Voltage sources that have some amount of internal resistance are known as a practical voltage source. Due to this internal resistance, voltage drop takes place. If the internal resistance is high, less voltage will be provided to load and if the internal resistance is less, the voltage source will be closer to an ideal voltage source. A practical voltage source is thus denoted by a resistance in series which represents the internal resistance of source.
Practical Voltage source
Fig: Practical Voltage source
The graph represents the voltage of the voltage source with respect to time. It is not constant but it keeps on decreasing as the time passes.
Current source
A current source is a device which provides the constant current to load at any time and is independent of the voltage supplied to the circuit. This type of current is known as an ideal current source; practically ideal current source is also not available. It has infinite resistance. It is denoted by this symbol.
Ideal Current source
Fig: Ideal Current source
The graph represents the change in current of the current source with respect to time. It is constant at any instance of time.

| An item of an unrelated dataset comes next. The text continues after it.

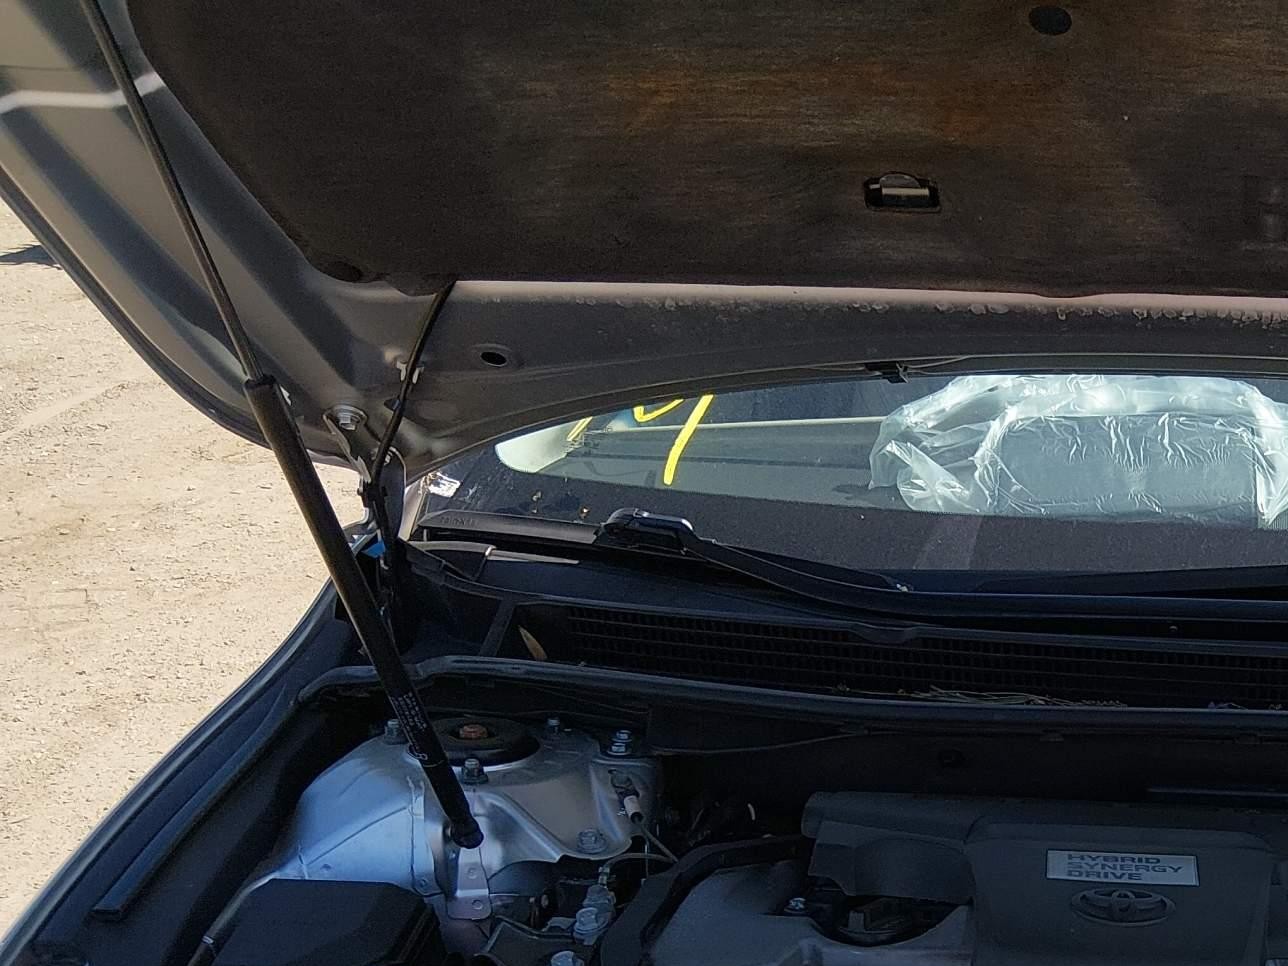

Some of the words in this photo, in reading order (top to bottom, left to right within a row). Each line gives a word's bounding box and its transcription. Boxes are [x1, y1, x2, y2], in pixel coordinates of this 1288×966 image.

[1066, 853, 1161, 865] HYBRID
[1066, 861, 1184, 873] SYNERGY
[1066, 869, 1143, 881] DRIVE

Why ideal Current source has infinite resistance?
A current source is used to power a load, so that load will turn on. We try to supply 100% of the power to load. For that, we connect some resistance to transfer 100% of power to load because the current always takes the path of least resistance. So, in order for current to go to the path of least resistance, we must connect resistance higher than load. This is why we have the ideal current source to have infinite internal resistance. This infinite resistance will not affect voltage sources in the circuit.
Practical Current source
Practically current sources do not have infinite resistance across there but they have a finite internal resistance. So the current delivered by the practical current source is not constant and it is also dependent somewhat on the voltage across it.
A practical current source is represented as an ideal current source connected with resistance in parallel.
Fig; Practical Current source
The graph represents the current of the current source with respect to time. It is not constant but it also keeps on decreasing as the time passes.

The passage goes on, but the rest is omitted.